===== Records for this task

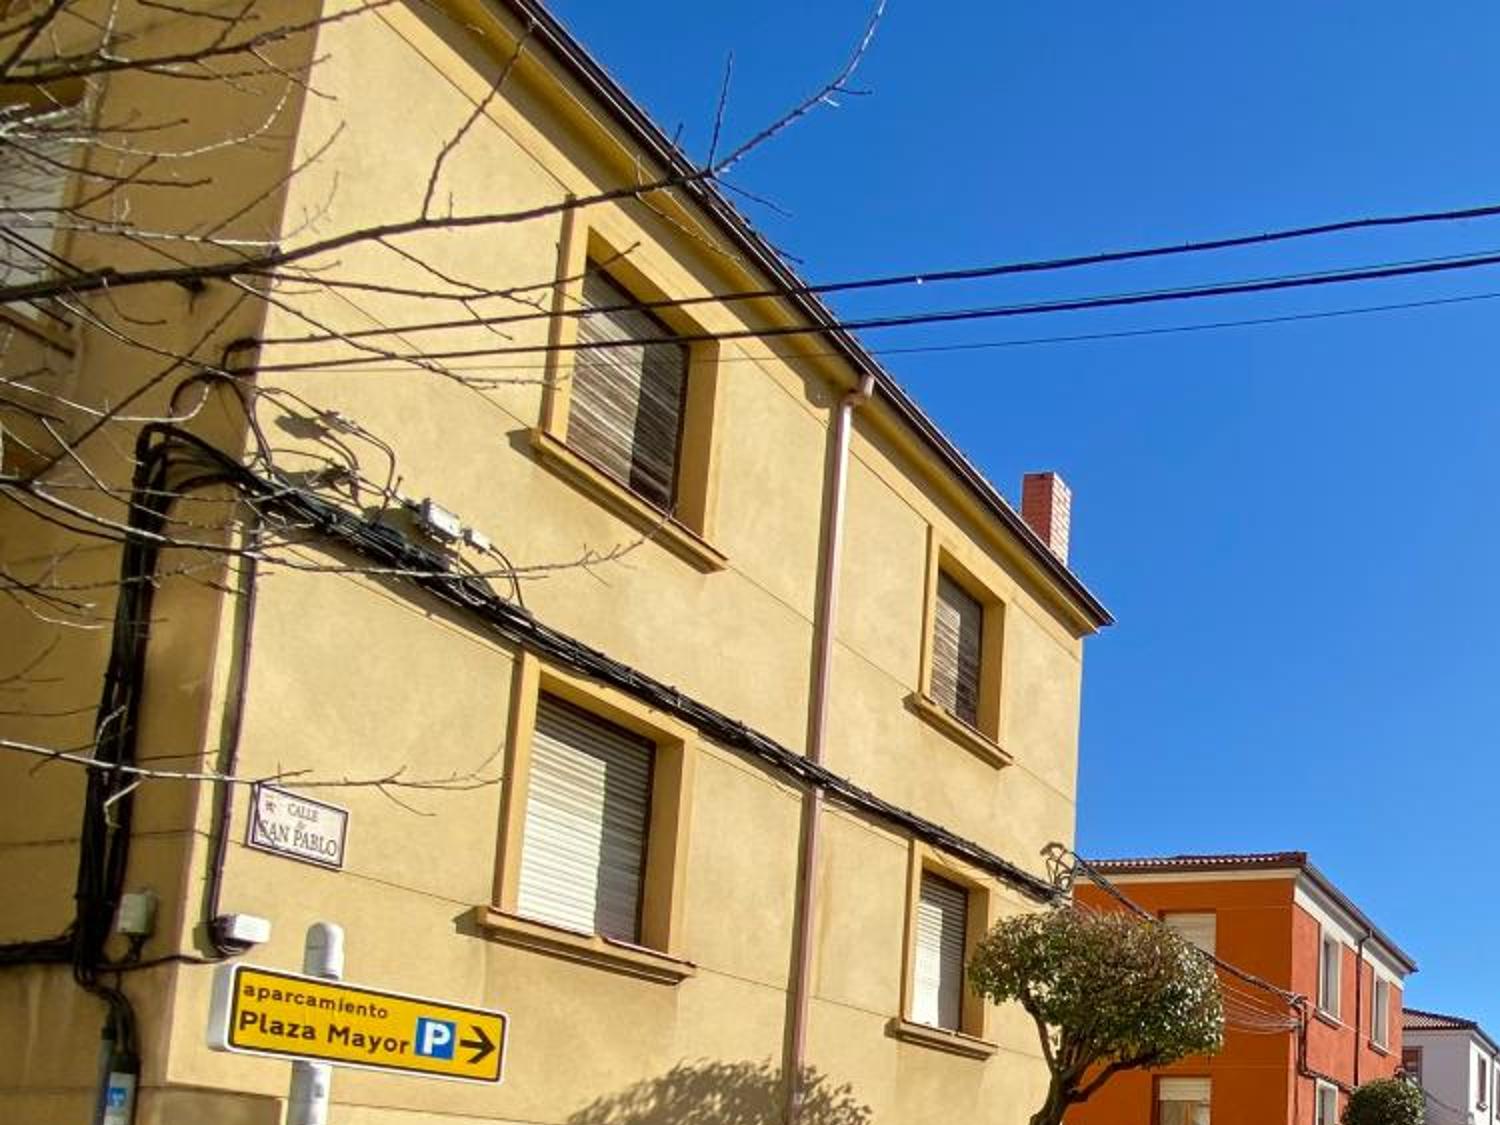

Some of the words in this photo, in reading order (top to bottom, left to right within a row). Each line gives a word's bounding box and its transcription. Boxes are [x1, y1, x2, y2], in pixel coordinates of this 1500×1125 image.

[287, 803, 319, 823] CALLE
[259, 820, 290, 844] SAN
[292, 829, 338, 857] PABLO
[243, 985, 389, 1020] aparcamiento
[239, 1010, 318, 1041] Plaza
[327, 1023, 411, 1055] Mayor

==========

Exercise aim → Write every entry out again exactly, dropping the pictures.

Answer for this exercise →
Some of the words in this photo, in reading order (top to bottom, left to right within a row). Each line gives a word's bounding box and its transcription. Boxes are [x1, y1, x2, y2], in pixel coordinates of this 1500×1125 image.

[287, 803, 319, 823] CALLE
[259, 820, 290, 844] SAN
[292, 829, 338, 857] PABLO
[243, 985, 389, 1020] aparcamiento
[239, 1010, 318, 1041] Plaza
[327, 1023, 411, 1055] Mayor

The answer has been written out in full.